#### Exercise objective
From the entries below, gather every line containing the string "Mailbox".

Dataset excerpts:
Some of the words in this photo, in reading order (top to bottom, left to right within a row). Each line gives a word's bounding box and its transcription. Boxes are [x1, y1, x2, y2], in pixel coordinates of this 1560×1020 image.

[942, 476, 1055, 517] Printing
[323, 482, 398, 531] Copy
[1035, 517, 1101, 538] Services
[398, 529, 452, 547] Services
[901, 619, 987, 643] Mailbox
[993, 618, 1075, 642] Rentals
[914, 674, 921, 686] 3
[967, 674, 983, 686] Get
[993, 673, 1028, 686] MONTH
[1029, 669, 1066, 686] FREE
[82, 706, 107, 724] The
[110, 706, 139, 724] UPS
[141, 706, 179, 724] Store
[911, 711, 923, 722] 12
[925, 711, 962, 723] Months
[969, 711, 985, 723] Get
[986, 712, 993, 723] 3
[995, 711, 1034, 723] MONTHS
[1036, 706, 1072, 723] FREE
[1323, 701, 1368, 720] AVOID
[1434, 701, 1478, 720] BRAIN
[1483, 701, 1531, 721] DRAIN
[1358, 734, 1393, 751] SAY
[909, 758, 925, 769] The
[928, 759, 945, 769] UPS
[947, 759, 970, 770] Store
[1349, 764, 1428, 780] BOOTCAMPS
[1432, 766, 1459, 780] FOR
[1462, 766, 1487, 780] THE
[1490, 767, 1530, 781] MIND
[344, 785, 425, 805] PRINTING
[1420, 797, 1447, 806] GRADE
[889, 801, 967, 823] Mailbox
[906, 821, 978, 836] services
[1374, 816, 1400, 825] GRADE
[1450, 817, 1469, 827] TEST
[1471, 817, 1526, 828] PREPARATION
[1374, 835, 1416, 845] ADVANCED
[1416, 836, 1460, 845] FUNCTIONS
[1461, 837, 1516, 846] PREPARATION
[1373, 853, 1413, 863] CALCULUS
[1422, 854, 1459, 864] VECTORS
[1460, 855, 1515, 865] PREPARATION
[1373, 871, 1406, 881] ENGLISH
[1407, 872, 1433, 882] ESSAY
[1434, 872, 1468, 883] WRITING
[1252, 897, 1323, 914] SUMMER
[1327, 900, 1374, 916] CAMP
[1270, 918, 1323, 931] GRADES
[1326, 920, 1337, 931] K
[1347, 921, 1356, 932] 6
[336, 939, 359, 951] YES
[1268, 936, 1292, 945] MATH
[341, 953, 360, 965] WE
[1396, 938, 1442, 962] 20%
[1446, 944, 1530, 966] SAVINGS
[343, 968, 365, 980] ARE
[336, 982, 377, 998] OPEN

#### Exercise output
[901, 619, 987, 643] Mailbox
[889, 801, 967, 823] Mailbox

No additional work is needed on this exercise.